**Instructions for the task**
Keep the pictures out. Write out every line of the listing exactly.

**Exercise data**
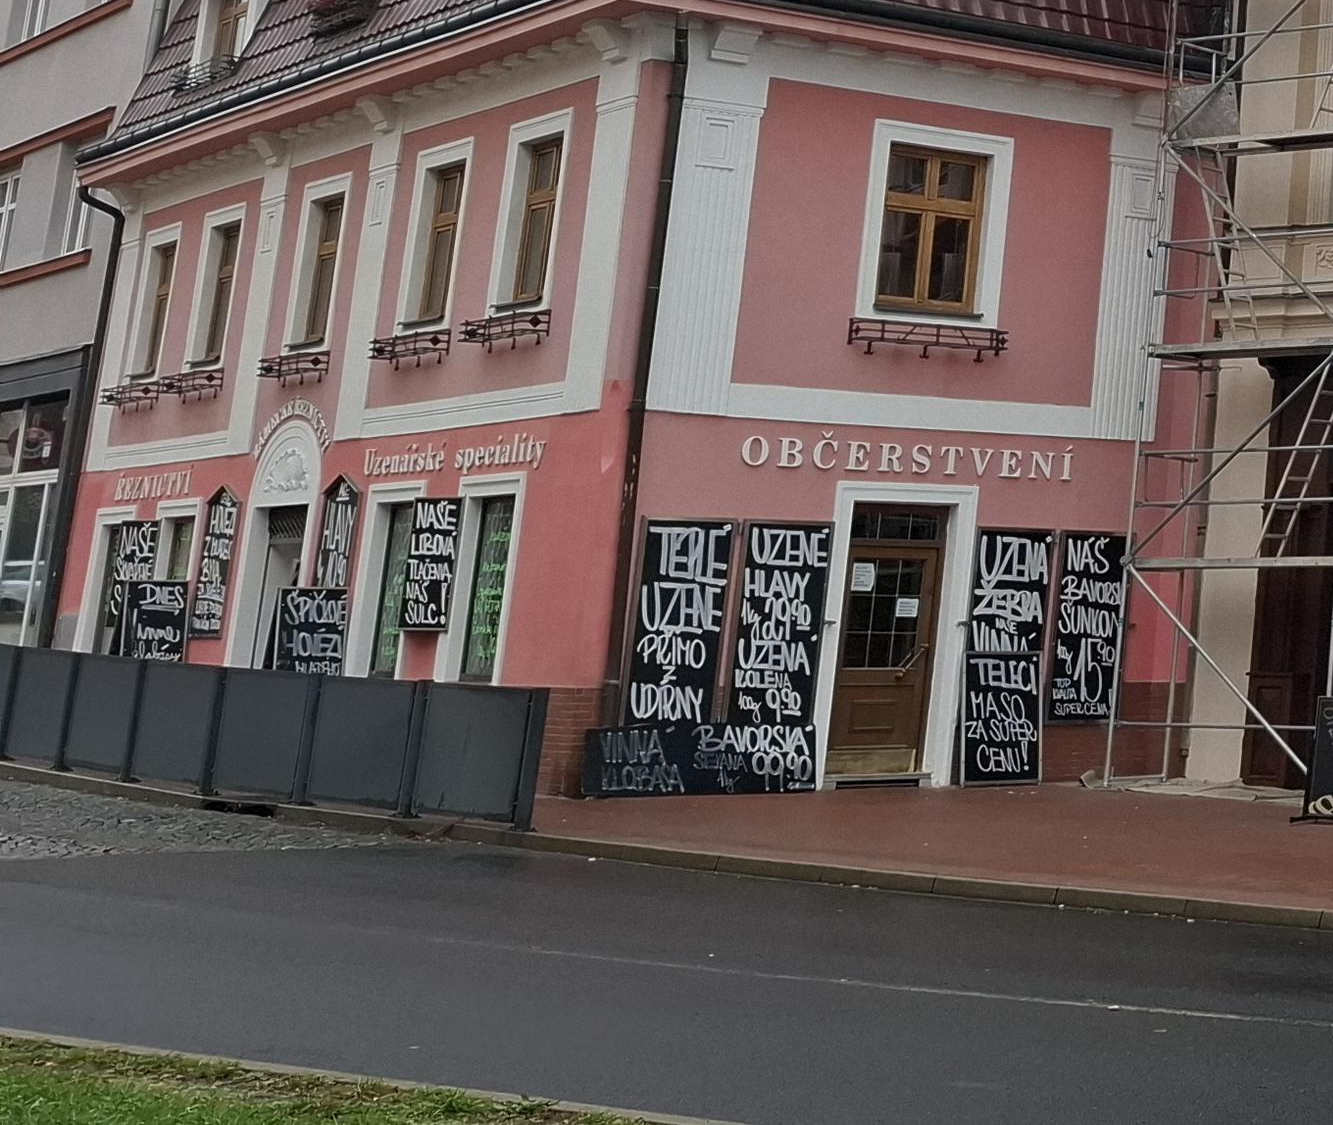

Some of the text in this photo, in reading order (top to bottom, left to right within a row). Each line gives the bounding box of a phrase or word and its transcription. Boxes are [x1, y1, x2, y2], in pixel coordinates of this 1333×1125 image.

[363, 433, 547, 476] Uzenářské speciality
[741, 431, 1075, 481] OBČERSTVENÍ
[115, 464, 194, 501] ŘEZNICTVÍ
[416, 501, 457, 530] NAŠE
[120, 522, 158, 559] NAŠE
[752, 527, 829, 567] UZENÉ
[1068, 537, 1110, 574] NÁŠ
[980, 535, 1052, 584] UZENÁ
[138, 584, 184, 610] DNES
[745, 567, 810, 602] HLAVY
[738, 634, 817, 675] UZENÁ
[735, 668, 793, 690] KOLENA
[969, 656, 1038, 695] TELECÍ
[970, 691, 1026, 722] MASO
[691, 724, 813, 755] BAVORSKÁ
[965, 719, 1037, 742] ZA SUPER
[976, 741, 1029, 773] CENU!
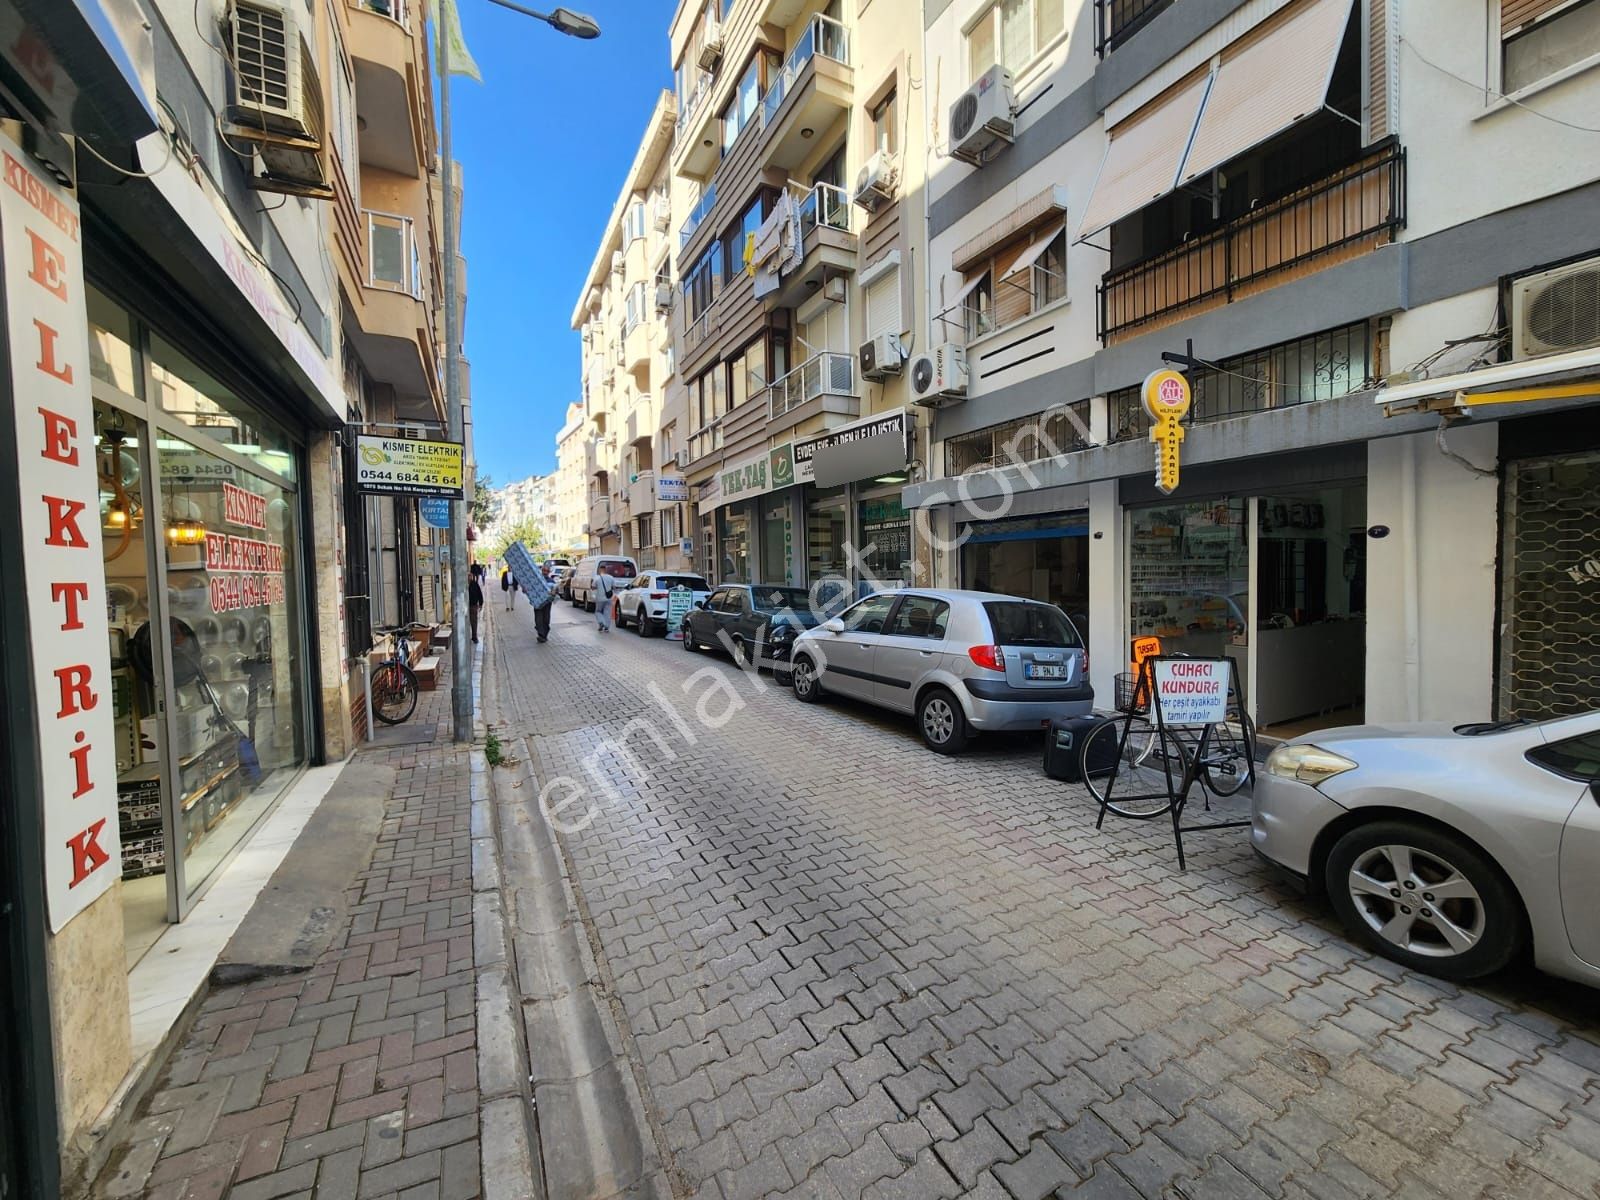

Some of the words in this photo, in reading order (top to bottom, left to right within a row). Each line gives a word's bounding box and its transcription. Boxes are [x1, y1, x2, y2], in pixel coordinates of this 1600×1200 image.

[3, 150, 79, 242] KISMET
[382, 441, 416, 453] KISMET
[360, 470, 392, 480] 0544
[396, 472, 419, 482] 684
[423, 474, 438, 484] 45
[442, 476, 457, 485] 64
[223, 481, 266, 530] KISMET
[25, 225, 110, 889] ELEKTRİK
[205, 531, 283, 573] ELEKTRİK
[210, 576, 241, 613] 0544
[242, 575, 261, 609] 684
[1162, 681, 1219, 694] KUNDURA
[1171, 663, 1213, 679] ÇUHACI

**Exercise result**
Some of the text in this photo, in reading order (top to bottom, left to right within a row). Each line gives the bounding box of a phrase or word and its transcription. Boxes are [x1, y1, x2, y2], in pixel coordinates of this 1333×1125 image.

[363, 433, 547, 476] Uzenářské speciality
[741, 431, 1075, 481] OBČERSTVENÍ
[115, 464, 194, 501] ŘEZNICTVÍ
[416, 501, 457, 530] NAŠE
[120, 522, 158, 559] NAŠE
[752, 527, 829, 567] UZENÉ
[1068, 537, 1110, 574] NÁŠ
[980, 535, 1052, 584] UZENÁ
[138, 584, 184, 610] DNES
[745, 567, 810, 602] HLAVY
[738, 634, 817, 675] UZENÁ
[735, 668, 793, 690] KOLENA
[969, 656, 1038, 695] TELECÍ
[970, 691, 1026, 722] MASO
[691, 724, 813, 755] BAVORSKÁ
[965, 719, 1037, 742] ZA SUPER
[976, 741, 1029, 773] CENU!

Some of the words in this photo, in reading order (top to bottom, left to right within a row). Each line gives a word's bounding box and its transcription. Boxes are [x1, y1, x2, y2], in pixel coordinates of this 1600×1200 image.

[3, 150, 79, 242] KISMET
[382, 441, 416, 453] KISMET
[360, 470, 392, 480] 0544
[396, 472, 419, 482] 684
[423, 474, 438, 484] 45
[442, 476, 457, 485] 64
[223, 481, 266, 530] KISMET
[25, 225, 110, 889] ELEKTRİK
[205, 531, 283, 573] ELEKTRİK
[210, 576, 241, 613] 0544
[242, 575, 261, 609] 684
[1162, 681, 1219, 694] KUNDURA
[1171, 663, 1213, 679] ÇUHACI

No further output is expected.